• **TASK TO COMPLETE**
I'd like the entries that follow repeated exactly, with the pictures left out.

• **SUPPLIED DATA**

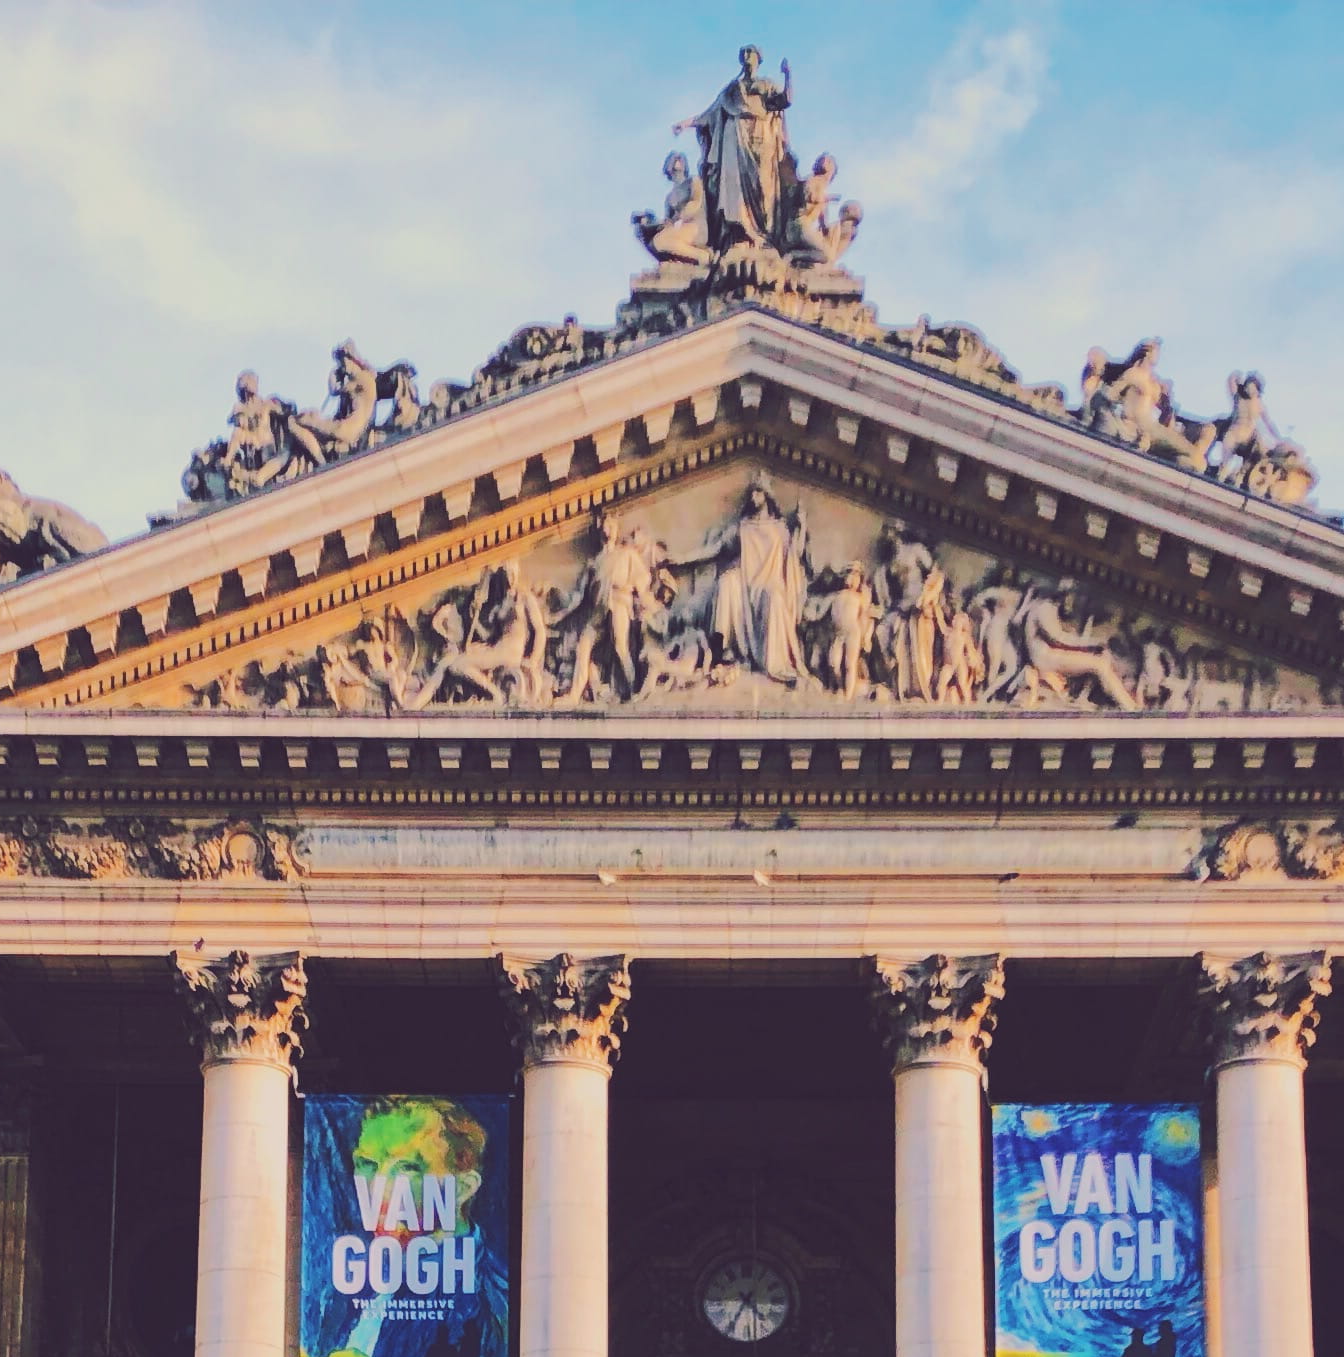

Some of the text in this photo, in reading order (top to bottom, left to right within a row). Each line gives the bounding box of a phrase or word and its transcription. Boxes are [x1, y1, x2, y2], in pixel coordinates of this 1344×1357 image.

[353, 1173, 456, 1232] VAN
[1040, 1152, 1153, 1215] VAN
[332, 1235, 476, 1295] GOGH
[1019, 1218, 1176, 1284] GOGH
[352, 1299, 455, 1309] THE IMMERSIVE
[361, 1311, 444, 1320] EXPERIENCE

• **ANSWER TO THE EXERCISE**
Some of the text in this photo, in reading order (top to bottom, left to right within a row). Each line gives the bounding box of a phrase or word and its transcription. Boxes are [x1, y1, x2, y2], in pixel coordinates of this 1344×1357 image.

[353, 1173, 456, 1232] VAN
[1040, 1152, 1153, 1215] VAN
[332, 1235, 476, 1295] GOGH
[1019, 1218, 1176, 1284] GOGH
[352, 1299, 455, 1309] THE IMMERSIVE
[361, 1311, 444, 1320] EXPERIENCE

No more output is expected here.